Saved data entries:

»»

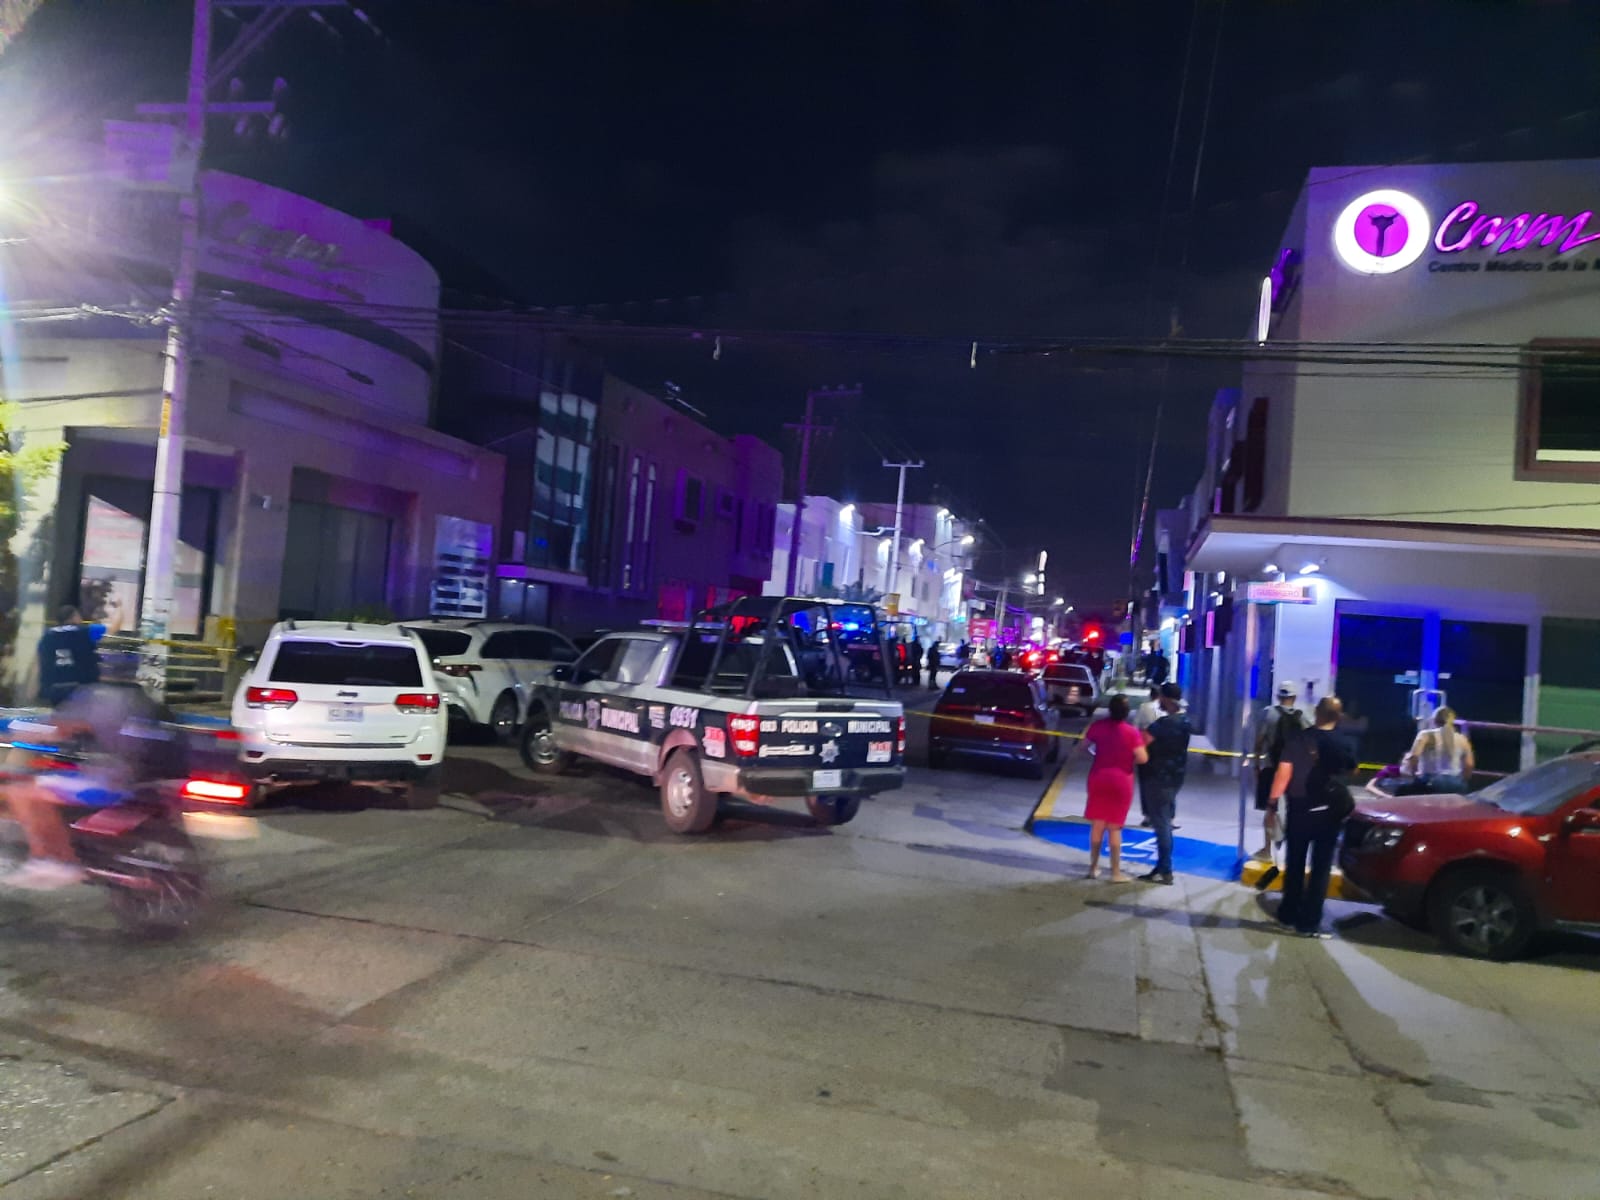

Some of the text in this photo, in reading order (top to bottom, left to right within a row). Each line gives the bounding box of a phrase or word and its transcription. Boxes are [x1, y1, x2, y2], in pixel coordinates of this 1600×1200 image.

[1428, 260, 1480, 272] Centro
[1548, 259, 1569, 271] de
[1574, 258, 1587, 271] la
[781, 719, 818, 734] POLICIA
[847, 720, 891, 733] MUNICIPAL

««

The records above should be written out exactly, and the images dropped.

Result of the task →
Some of the text in this photo, in reading order (top to bottom, left to right within a row). Each line gives the bounding box of a phrase or word and its transcription. Boxes are [x1, y1, x2, y2], in pixel coordinates of this 1600×1200 image.

[1428, 260, 1480, 272] Centro
[1548, 259, 1569, 271] de
[1574, 258, 1587, 271] la
[781, 719, 818, 734] POLICIA
[847, 720, 891, 733] MUNICIPAL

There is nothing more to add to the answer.